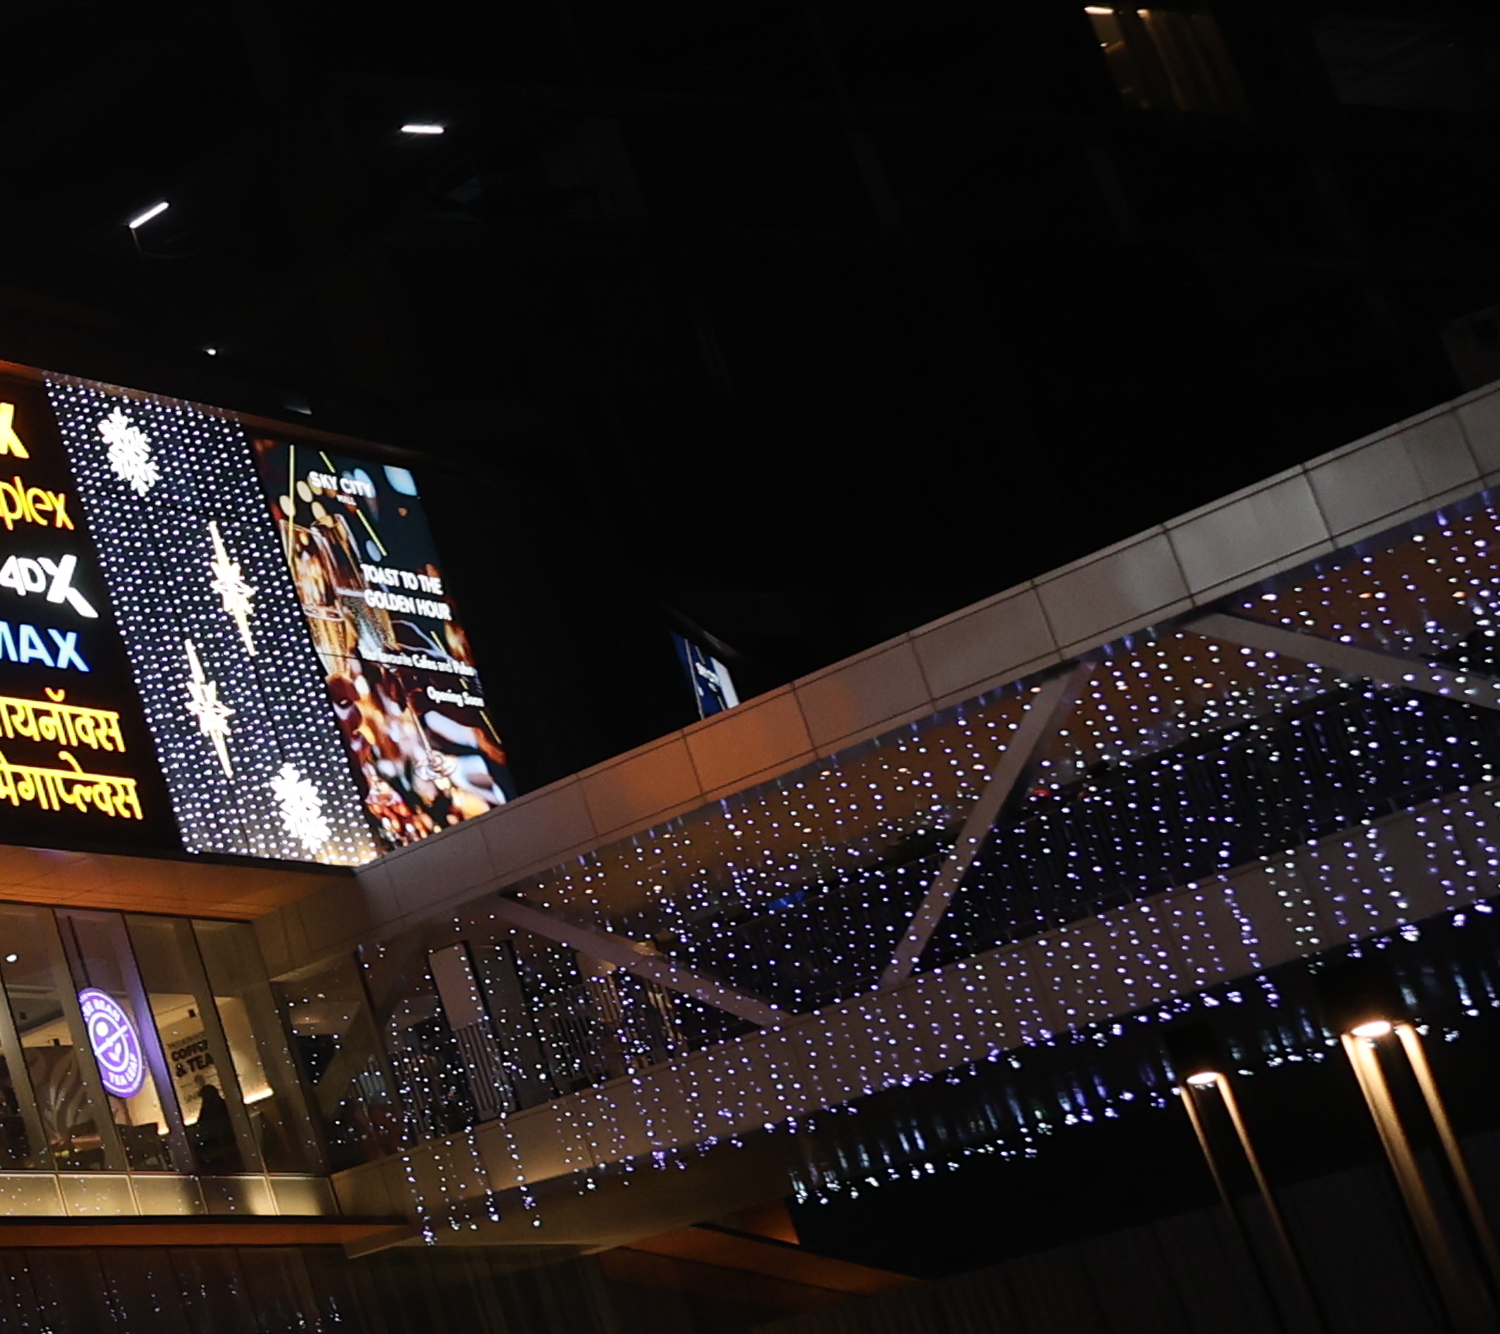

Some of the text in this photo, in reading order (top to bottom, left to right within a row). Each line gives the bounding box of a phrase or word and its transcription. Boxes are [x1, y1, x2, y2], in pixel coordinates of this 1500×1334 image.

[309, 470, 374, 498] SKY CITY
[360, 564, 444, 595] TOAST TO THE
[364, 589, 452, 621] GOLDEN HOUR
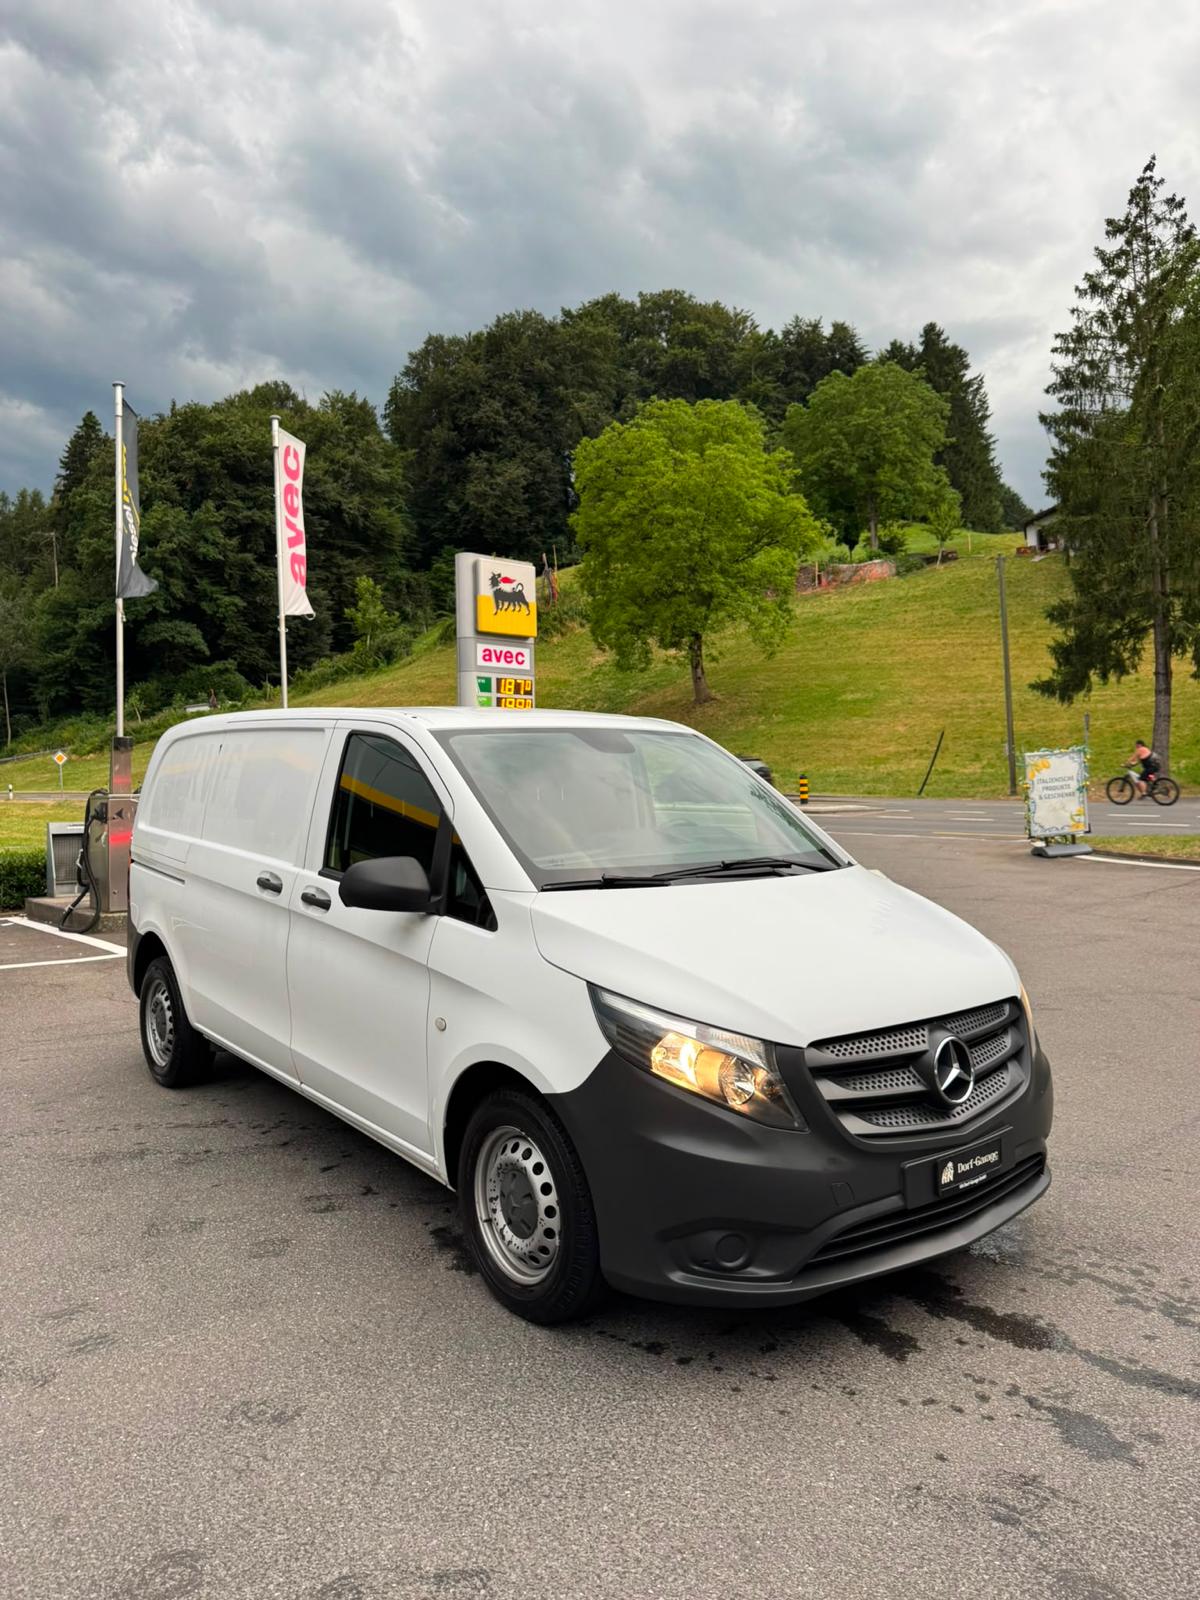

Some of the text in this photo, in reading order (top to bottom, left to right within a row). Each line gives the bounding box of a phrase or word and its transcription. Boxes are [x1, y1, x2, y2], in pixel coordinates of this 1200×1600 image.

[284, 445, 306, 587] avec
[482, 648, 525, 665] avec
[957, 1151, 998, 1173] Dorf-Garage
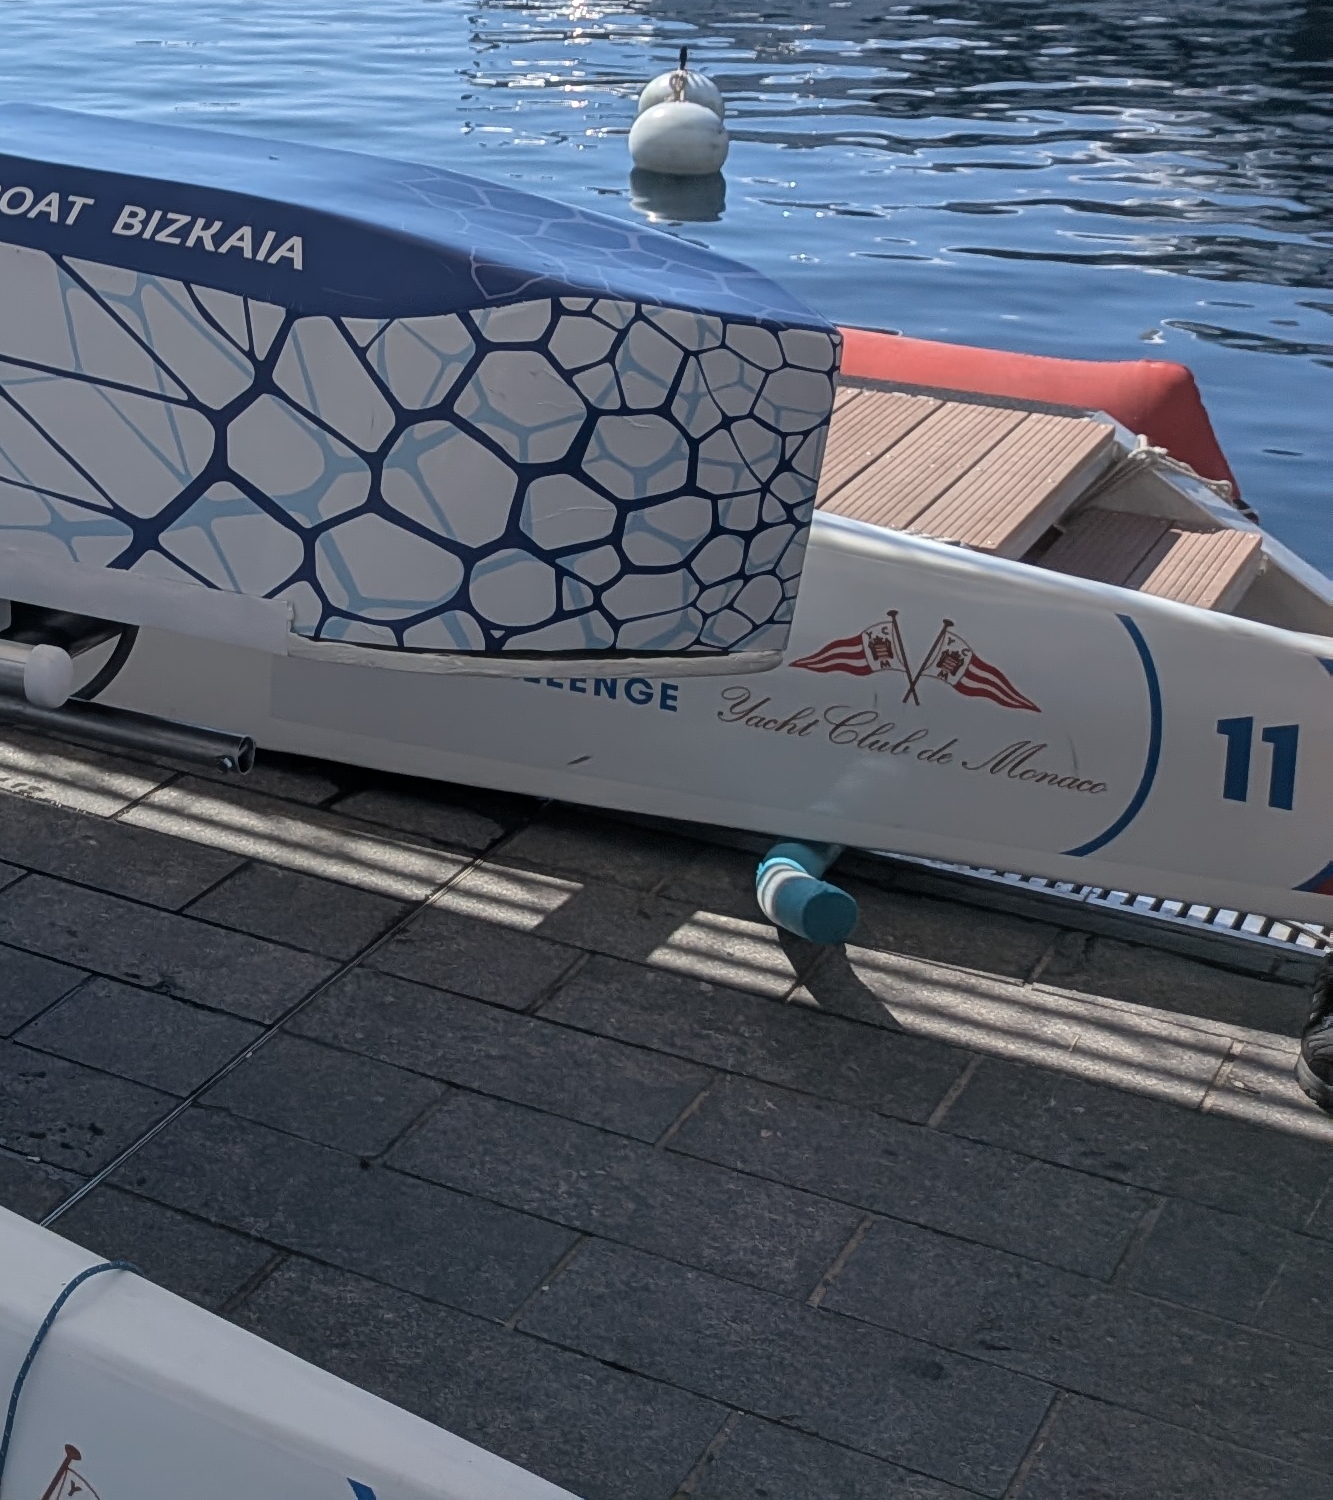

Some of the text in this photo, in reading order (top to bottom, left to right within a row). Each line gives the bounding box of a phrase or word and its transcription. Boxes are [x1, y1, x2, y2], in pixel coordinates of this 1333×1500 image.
=-=-=-=-=
EXERCISE DESCRIPTION: Everything in the entries must be written out exactly; the pictures stay out.

EXERCISE SOLUTION:
Some of the text in this photo, in reading order (top to bottom, left to right within a row). Each line gives the bounding box of a phrase or word and its transcription. Boxes are [x1, y1, x2, y2], in pixel coordinates of this 1500×1334 image.

[309, 470, 374, 498] SKY CITY
[360, 564, 444, 595] TOAST TO THE
[364, 589, 452, 621] GOLDEN HOUR

Some of the text in this photo, in reading order (top to bottom, left to right within a row). Each line gives the bounding box of a phrase or word and its transcription. Boxes are [x1, y1, x2, y2], in pixel coordinates of this 1200×1600 image.

[284, 445, 306, 587] avec
[482, 648, 525, 665] avec
[957, 1151, 998, 1173] Dorf-Garage

Some of the text in this photo, in reading order (top to bottom, left to right within a row). Each line gives the bounding box of a phrase or word and its transcription. Boxes are [x1, y1, x2, y2], in pixel coordinates of this 1333×1500 image.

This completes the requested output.